- Opening Delimiter -

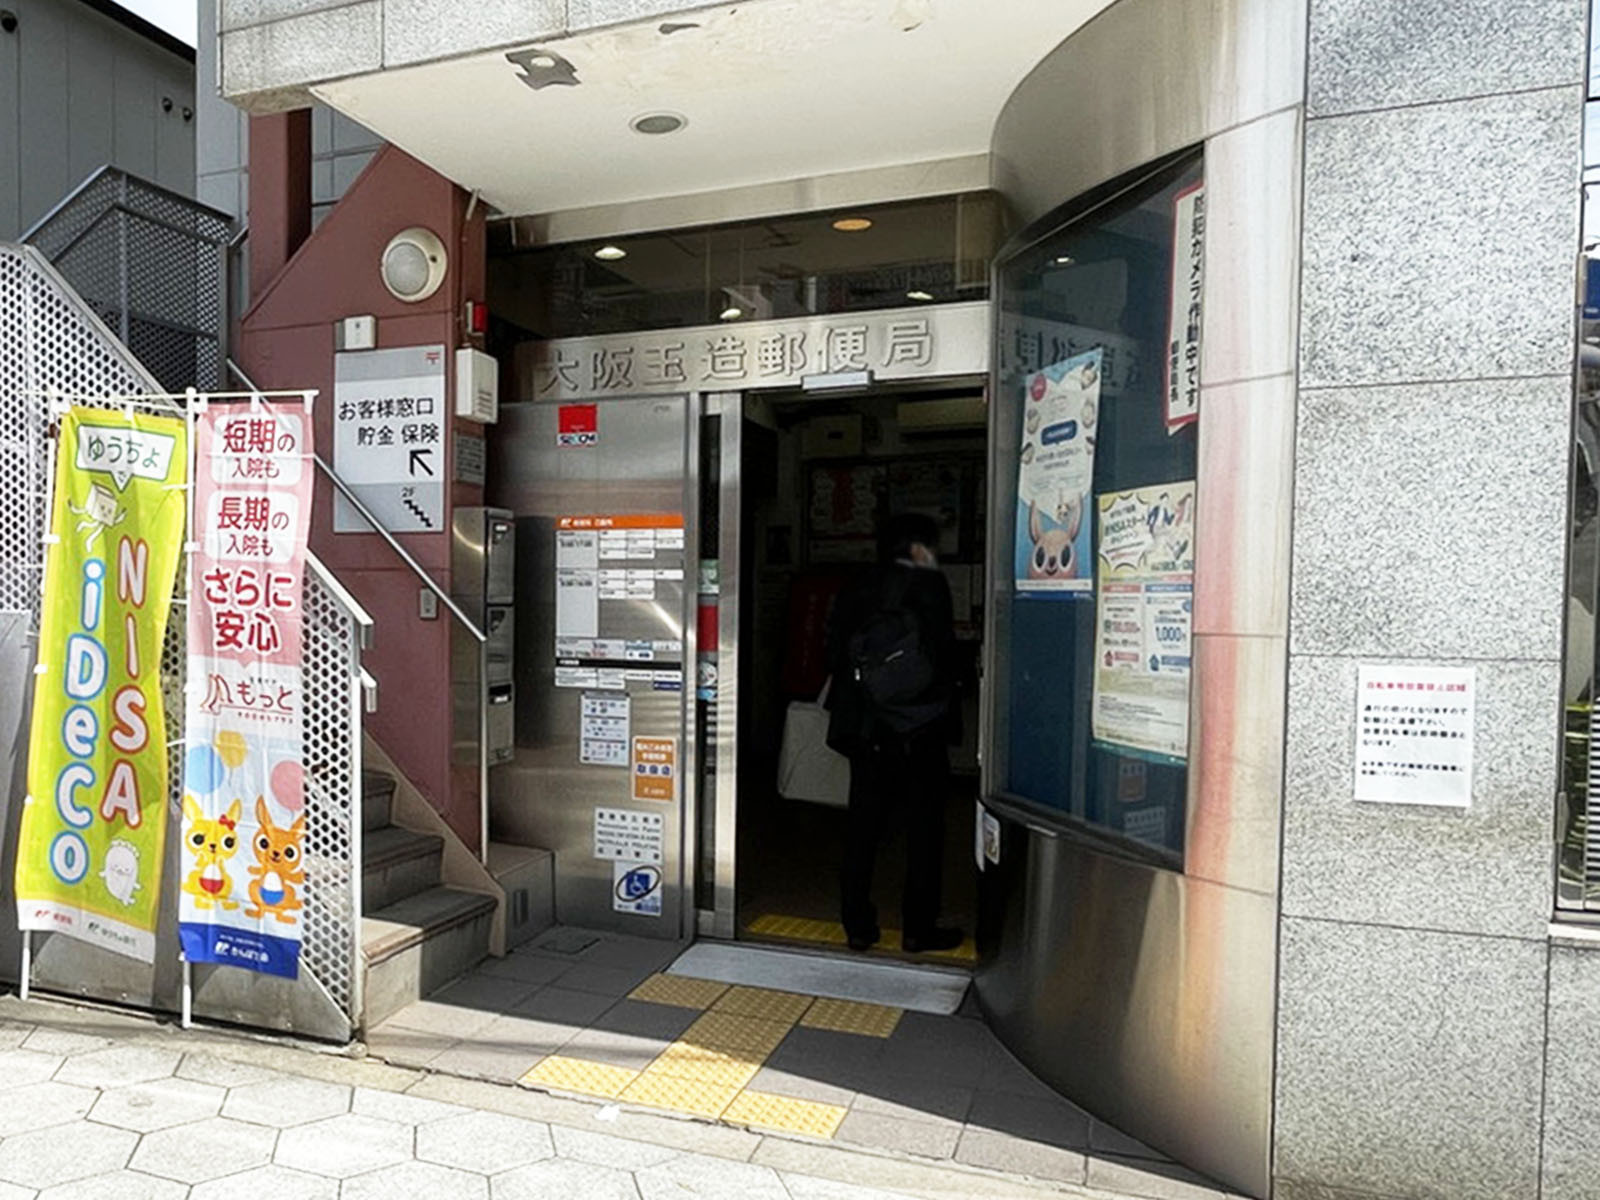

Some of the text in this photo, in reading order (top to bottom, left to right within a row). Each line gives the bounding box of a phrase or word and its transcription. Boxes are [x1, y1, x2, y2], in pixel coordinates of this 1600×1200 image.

[539, 319, 934, 393] 大阪玉造郵便局
[338, 397, 434, 421] お客様窓口
[87, 435, 160, 468] ゆうちょ
[223, 418, 296, 453] 短期の
[357, 423, 439, 446] 貯金 保険
[231, 457, 280, 478] 入院も
[217, 496, 290, 532] 長期の
[225, 533, 274, 556] 入院も
[204, 568, 293, 609] さらに
[215, 609, 279, 651] 安心
[100, 536, 149, 829] NISA
[237, 681, 293, 711] もっと
[50, 558, 108, 884] iDeCo
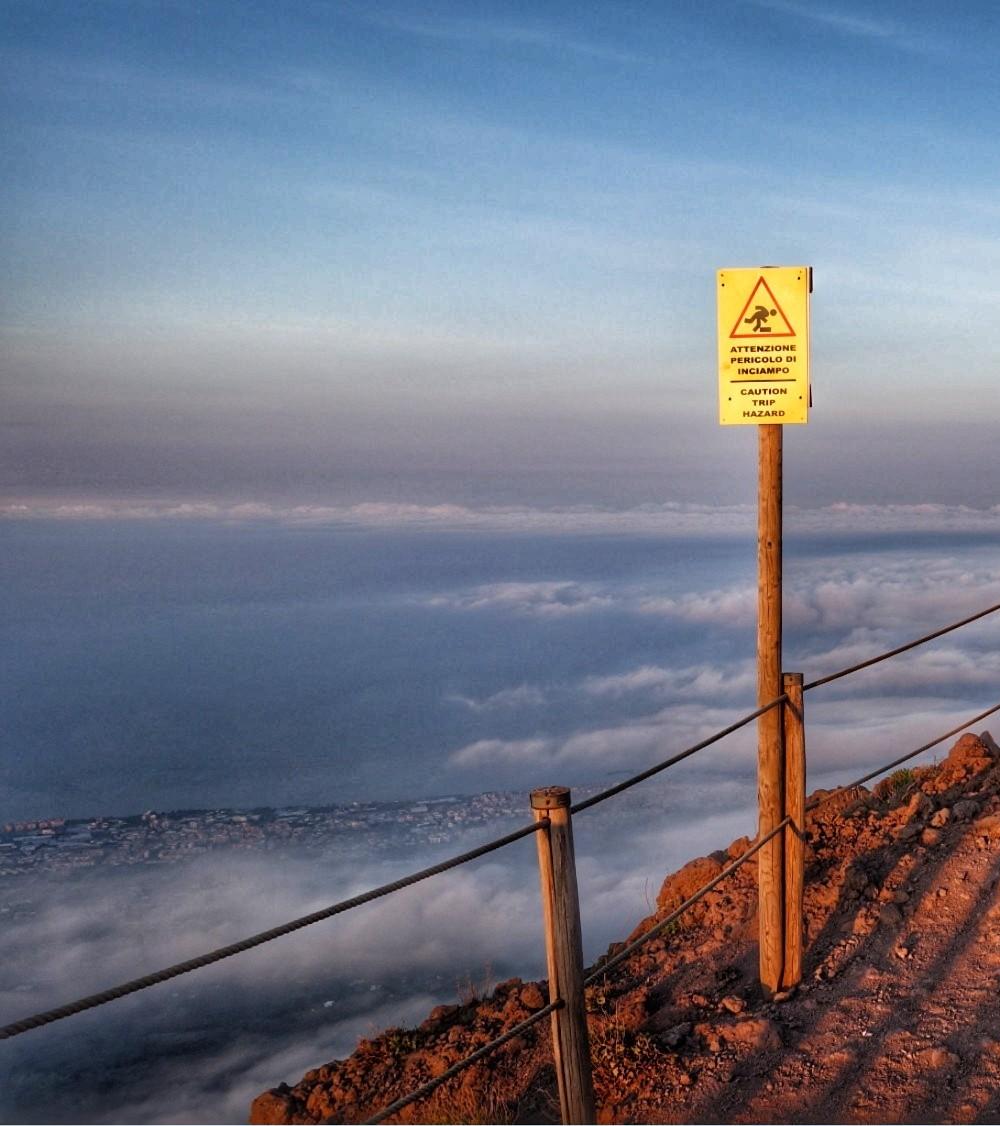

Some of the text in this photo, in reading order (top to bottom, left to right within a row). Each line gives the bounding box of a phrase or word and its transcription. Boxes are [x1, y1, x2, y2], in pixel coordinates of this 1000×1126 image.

[730, 345, 797, 353] ATTENZIONE
[730, 355, 797, 364] PERICOLO DI
[737, 367, 790, 375] INCIAMPO
[740, 388, 788, 396] CAUTION
[742, 410, 786, 418] HAZARD
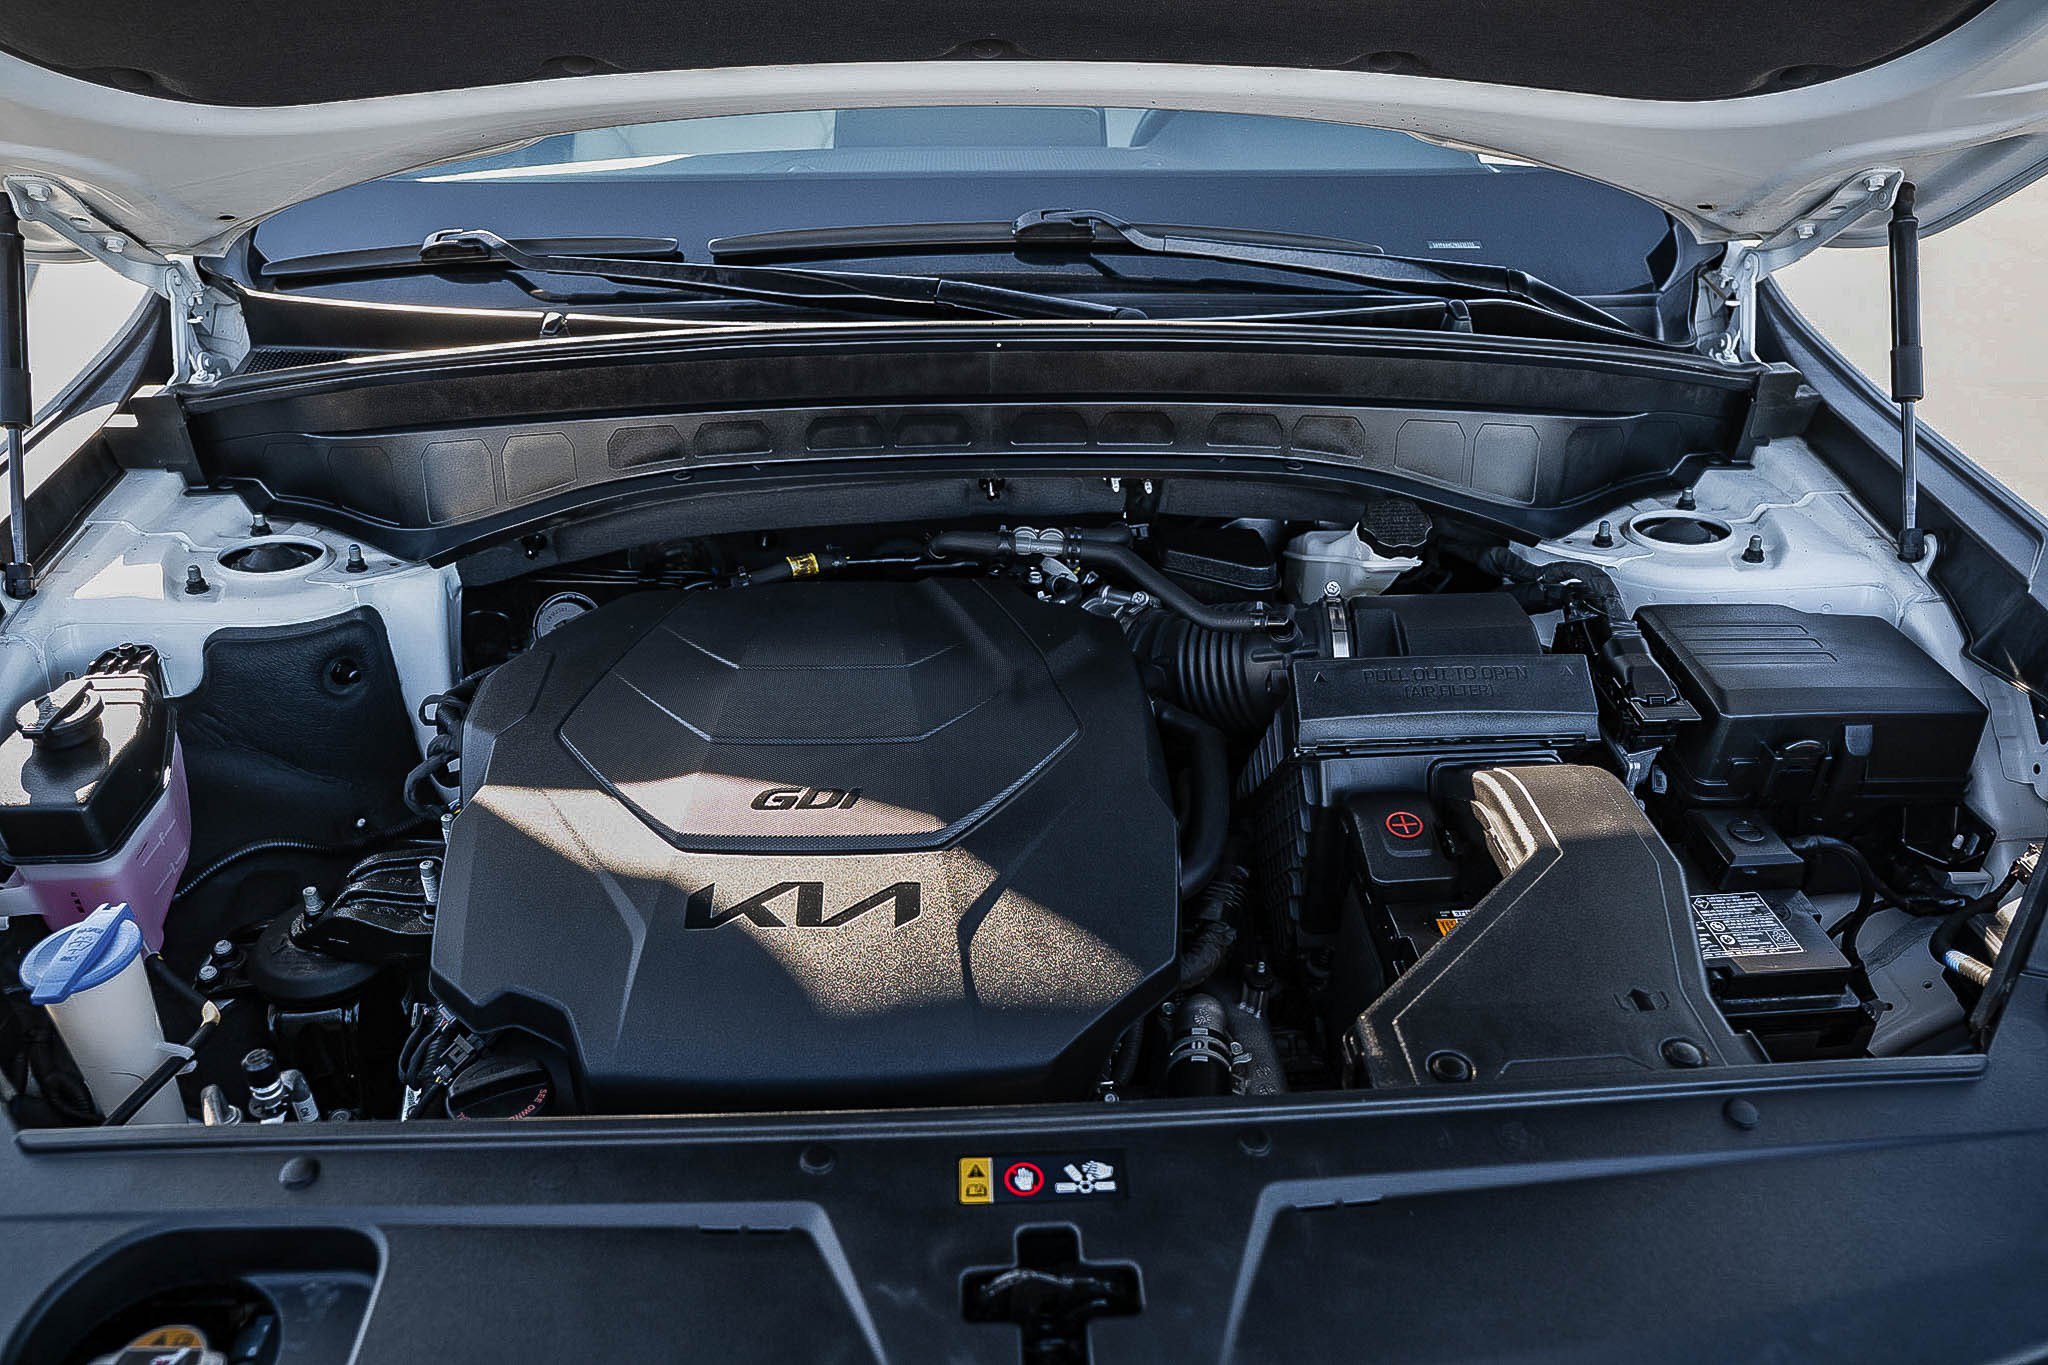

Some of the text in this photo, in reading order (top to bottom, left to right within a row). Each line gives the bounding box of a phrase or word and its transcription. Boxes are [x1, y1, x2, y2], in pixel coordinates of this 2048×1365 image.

[1362, 664, 1528, 683] PULL OUT TO OPEN
[750, 787, 863, 811] GDI
[683, 881, 921, 930] KIA

- Closing Delimiter -

» PROBLEM TO SOLVE
Starting with the first entry and ending with the last, reproduce the listing exactly, without its pictures.

» EXERCISE ANSWER
Some of the text in this photo, in reading order (top to bottom, left to right within a row). Each line gives the bounding box of a phrase or word and its transcription. Boxes are [x1, y1, x2, y2], in pixel coordinates of this 1600×1200 image.

[539, 319, 934, 393] 大阪玉造郵便局
[338, 397, 434, 421] お客様窓口
[87, 435, 160, 468] ゆうちょ
[223, 418, 296, 453] 短期の
[357, 423, 439, 446] 貯金 保険
[231, 457, 280, 478] 入院も
[217, 496, 290, 532] 長期の
[225, 533, 274, 556] 入院も
[204, 568, 293, 609] さらに
[215, 609, 279, 651] 安心
[100, 536, 149, 829] NISA
[237, 681, 293, 711] もっと
[50, 558, 108, 884] iDeCo

Some of the text in this photo, in reading order (top to bottom, left to right within a row). Each line gives the bounding box of a phrase or word and its transcription. Boxes are [x1, y1, x2, y2], in pixel coordinates of this 1000×1126 image.

[730, 345, 797, 353] ATTENZIONE
[730, 355, 797, 364] PERICOLO DI
[737, 367, 790, 375] INCIAMPO
[740, 388, 788, 396] CAUTION
[742, 410, 786, 418] HAZARD

Some of the text in this photo, in reading order (top to bottom, left to right within a row). Each line gives the bounding box of a phrase or word and its transcription. Boxes are [x1, y1, x2, y2], in pixel coordinates of this 2048×1365 image.

[1362, 664, 1528, 683] PULL OUT TO OPEN
[750, 787, 863, 811] GDI
[683, 881, 921, 930] KIA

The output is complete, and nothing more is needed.